__Material for this task__
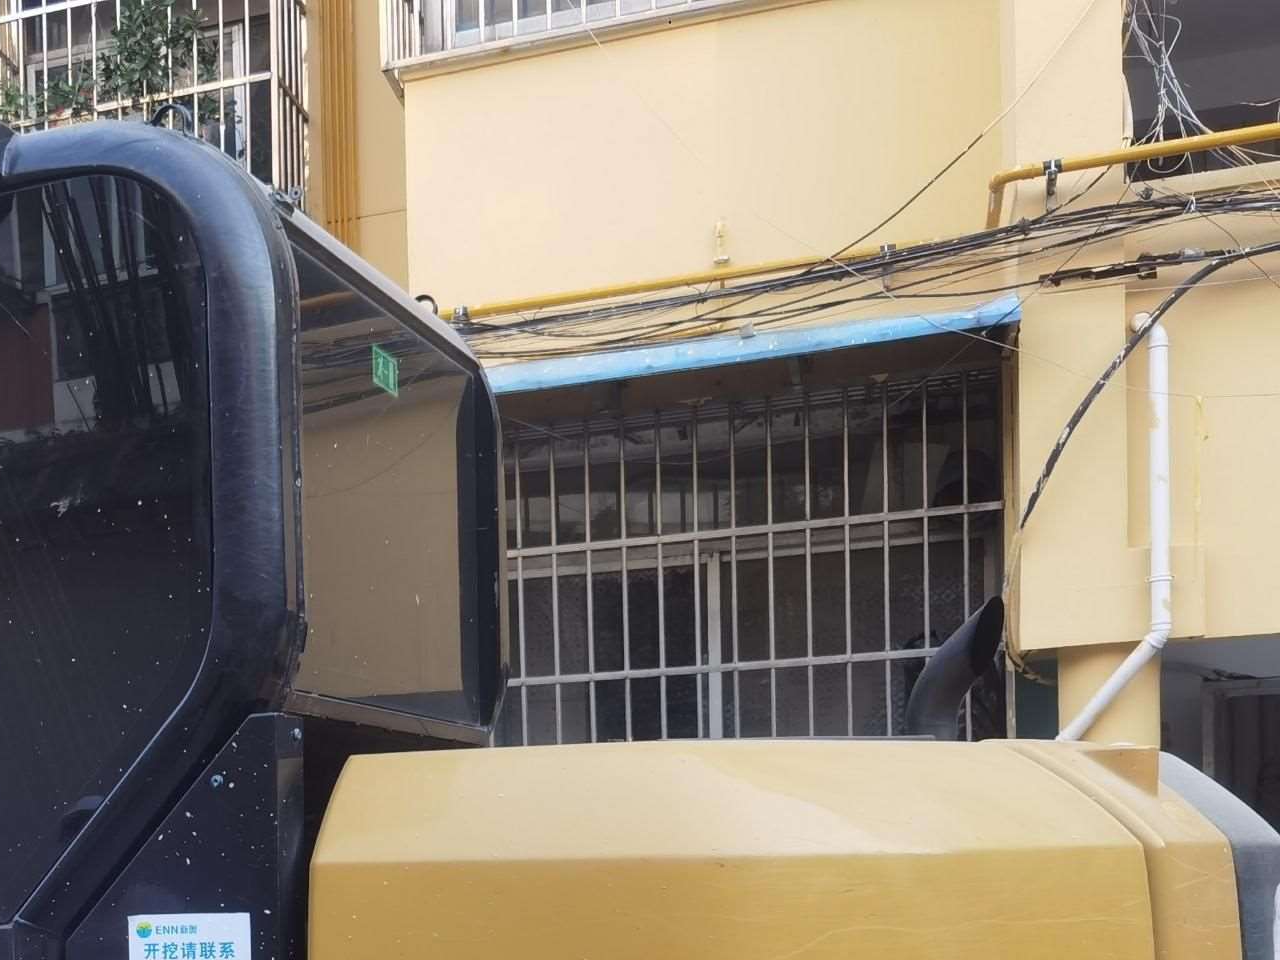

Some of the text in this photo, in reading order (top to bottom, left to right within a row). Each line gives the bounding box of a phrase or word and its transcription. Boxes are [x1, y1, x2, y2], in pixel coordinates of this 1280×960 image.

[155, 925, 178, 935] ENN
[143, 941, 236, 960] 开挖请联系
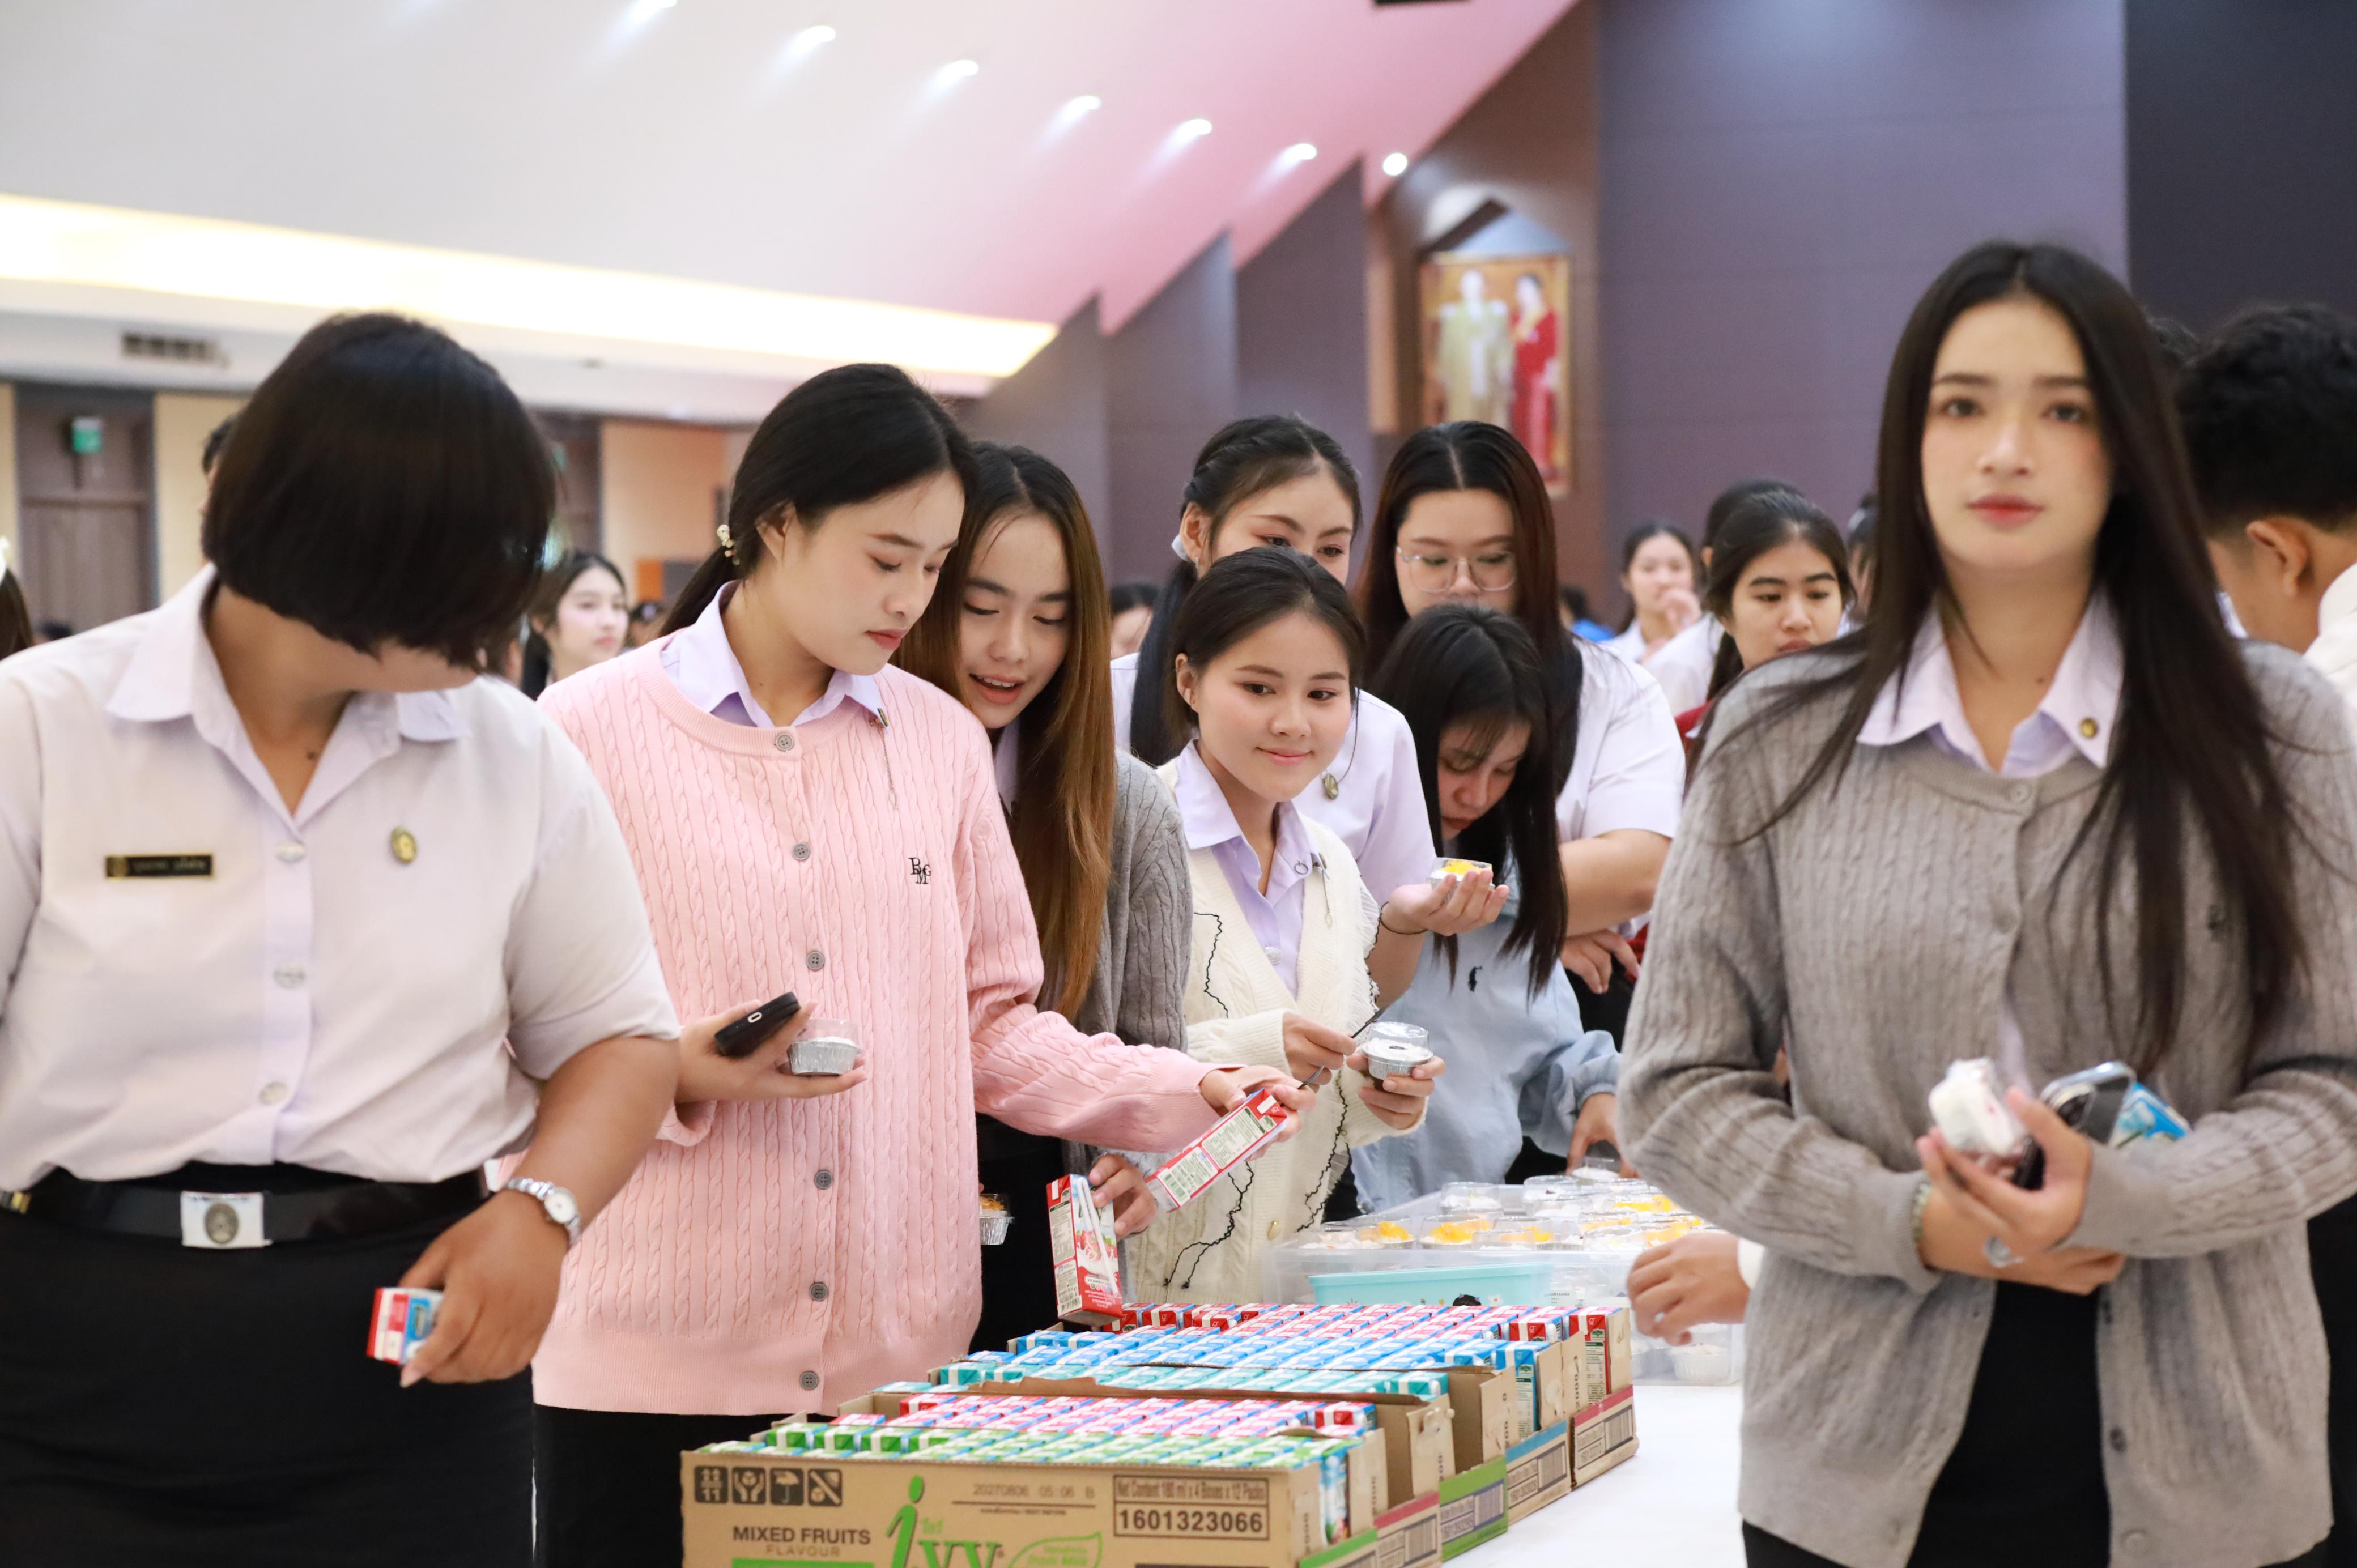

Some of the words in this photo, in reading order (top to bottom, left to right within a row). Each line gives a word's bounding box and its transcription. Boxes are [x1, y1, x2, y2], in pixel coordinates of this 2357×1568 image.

* * *

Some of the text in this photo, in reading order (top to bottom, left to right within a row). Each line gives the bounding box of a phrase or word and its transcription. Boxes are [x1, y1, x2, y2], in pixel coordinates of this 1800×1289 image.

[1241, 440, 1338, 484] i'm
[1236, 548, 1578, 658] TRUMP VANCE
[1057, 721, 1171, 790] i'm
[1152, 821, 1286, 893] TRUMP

...

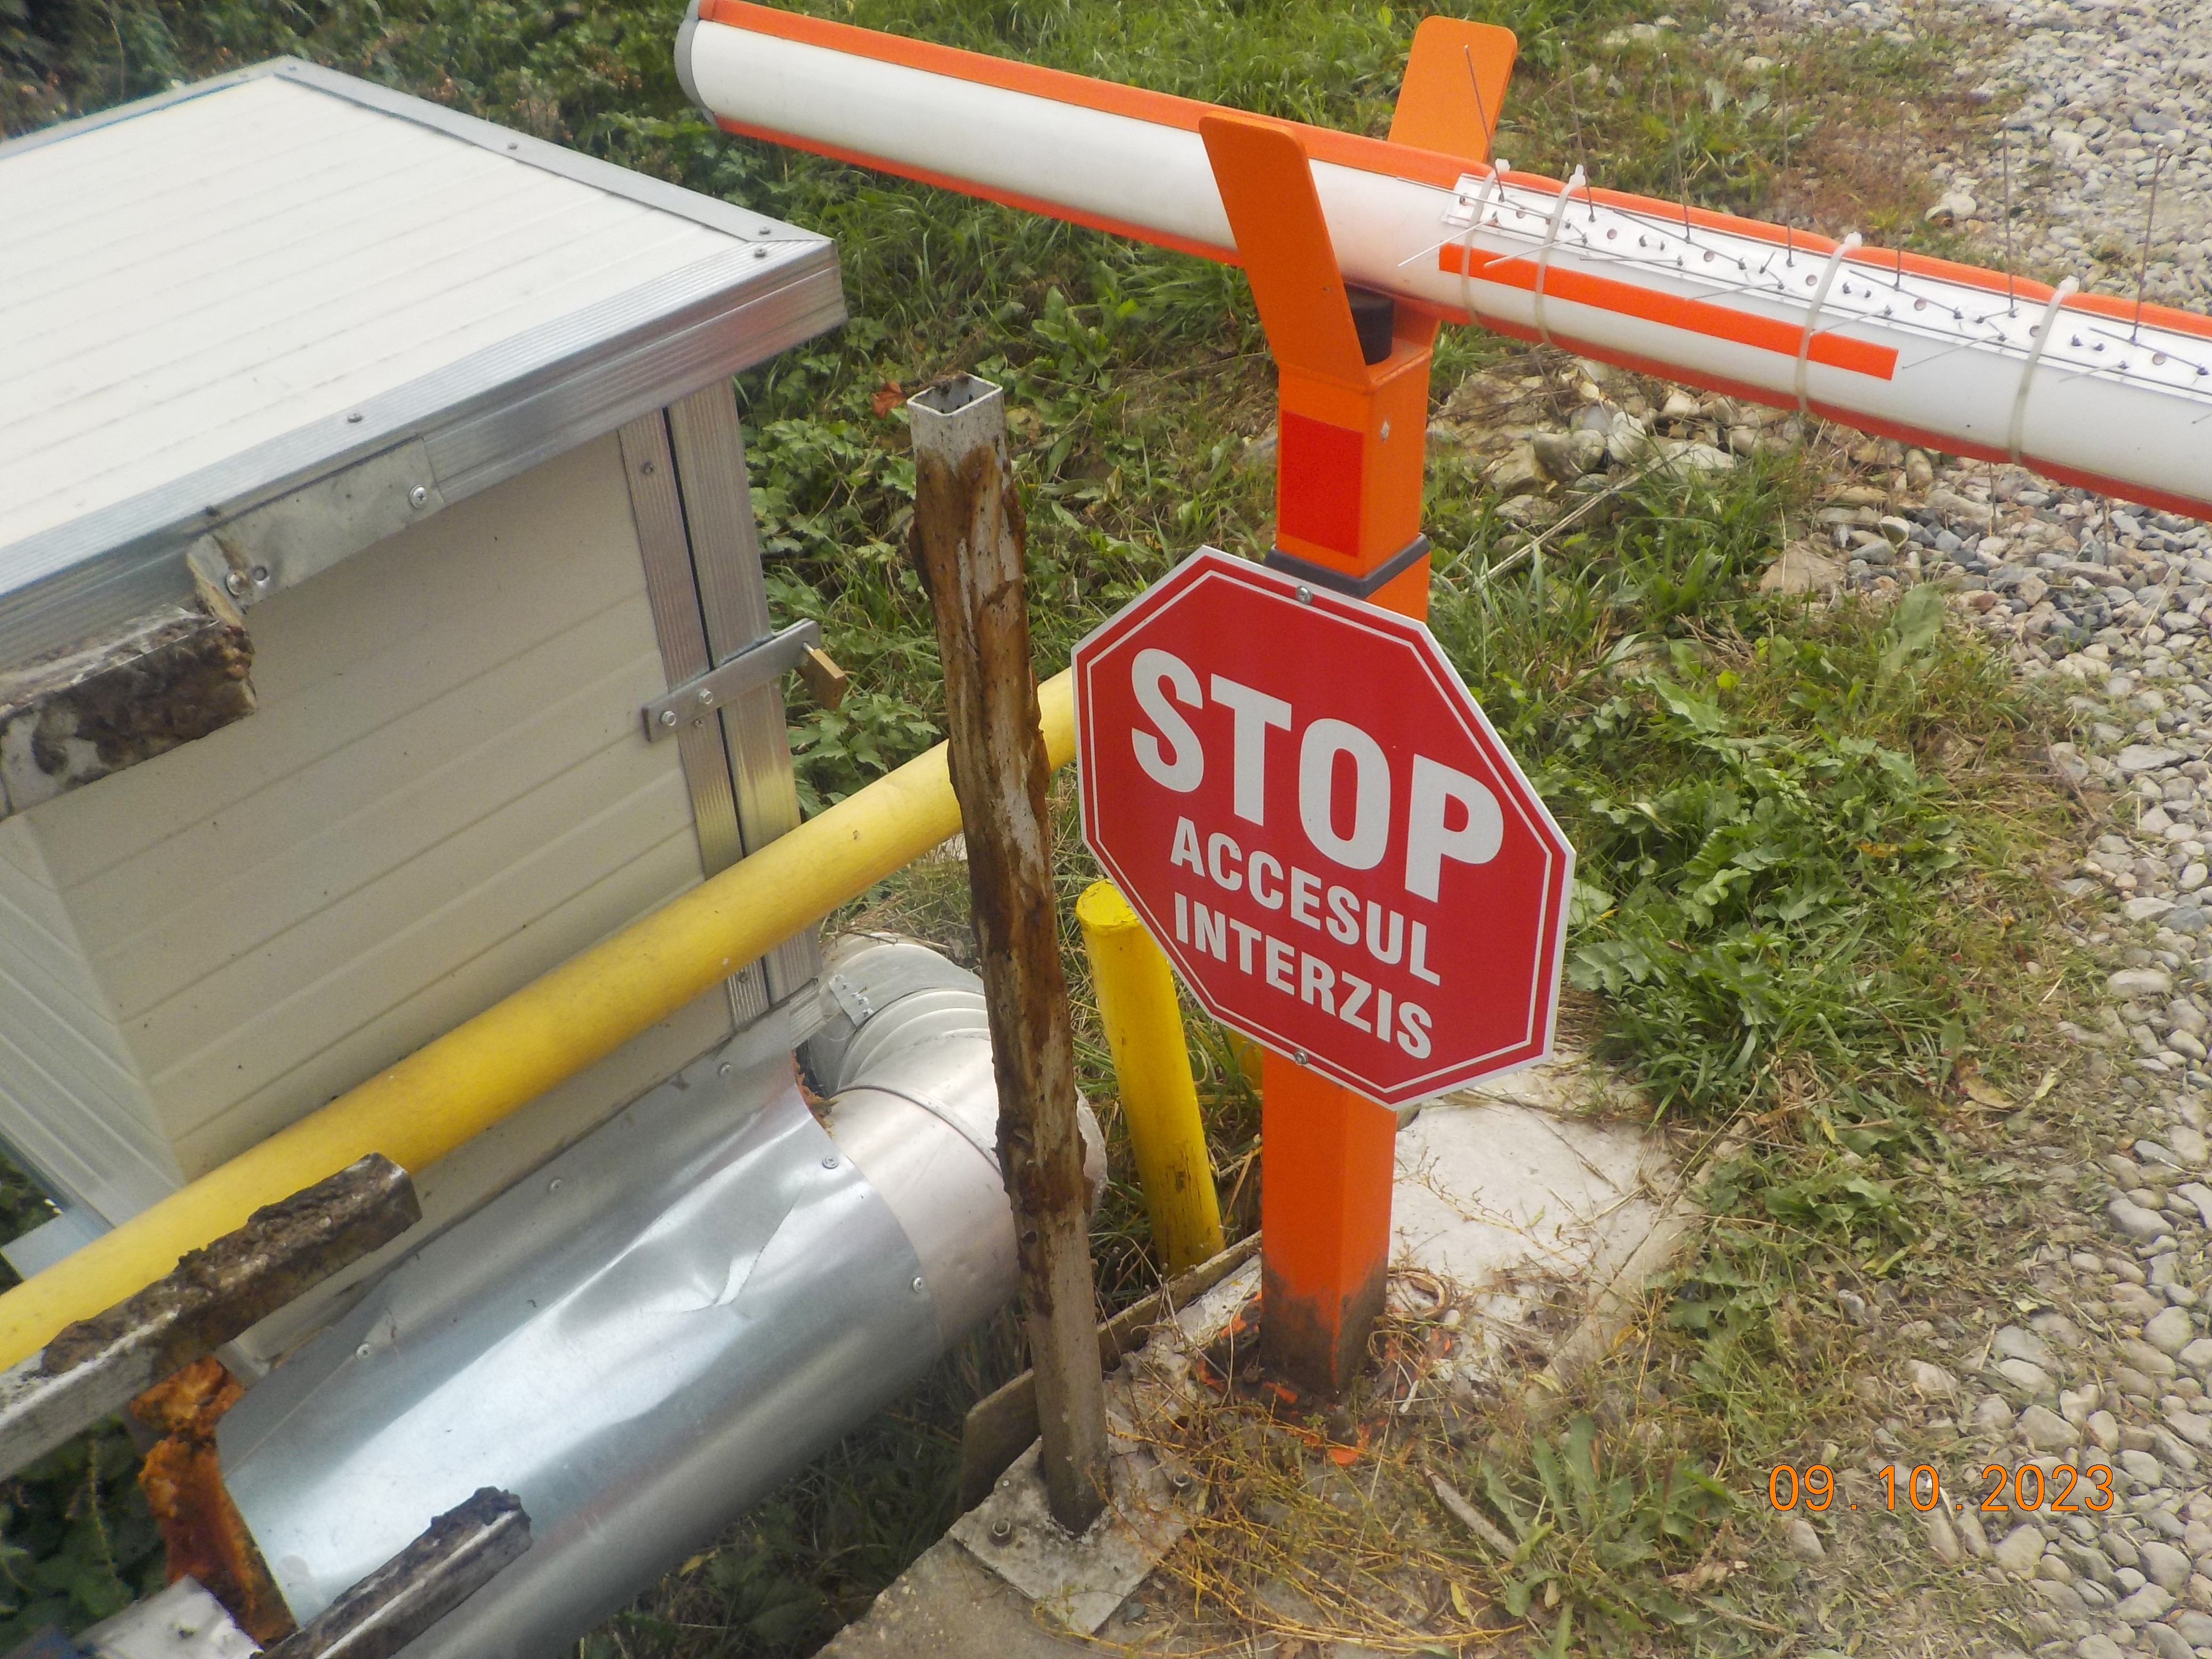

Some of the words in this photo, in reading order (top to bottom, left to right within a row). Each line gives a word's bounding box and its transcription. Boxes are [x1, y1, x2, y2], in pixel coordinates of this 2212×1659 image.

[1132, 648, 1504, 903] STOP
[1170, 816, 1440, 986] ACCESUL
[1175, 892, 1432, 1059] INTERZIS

__Activity__
Within the listing above, the stretch from the line with "this 1280×960 image." down to the line with "this 2357×1568 image." is to be given again exactly, end lines included and pictures excluded.

__Answer to the problem__
Some of the text in this photo, in reading order (top to bottom, left to right within a row). Each line gives the bounding box of a phrase or word and its transcription. Boxes are [x1, y1, x2, y2], in pixel coordinates of this 1280×960 image.

[155, 925, 178, 935] ENN
[143, 941, 236, 960] 开挖请联系

Some of the words in this photo, in reading order (top to bottom, left to right within a row). Each line gives a word's bounding box and its transcription. Boxes are [x1, y1, x2, y2], in pixel coordinates of this 2357×1568 image.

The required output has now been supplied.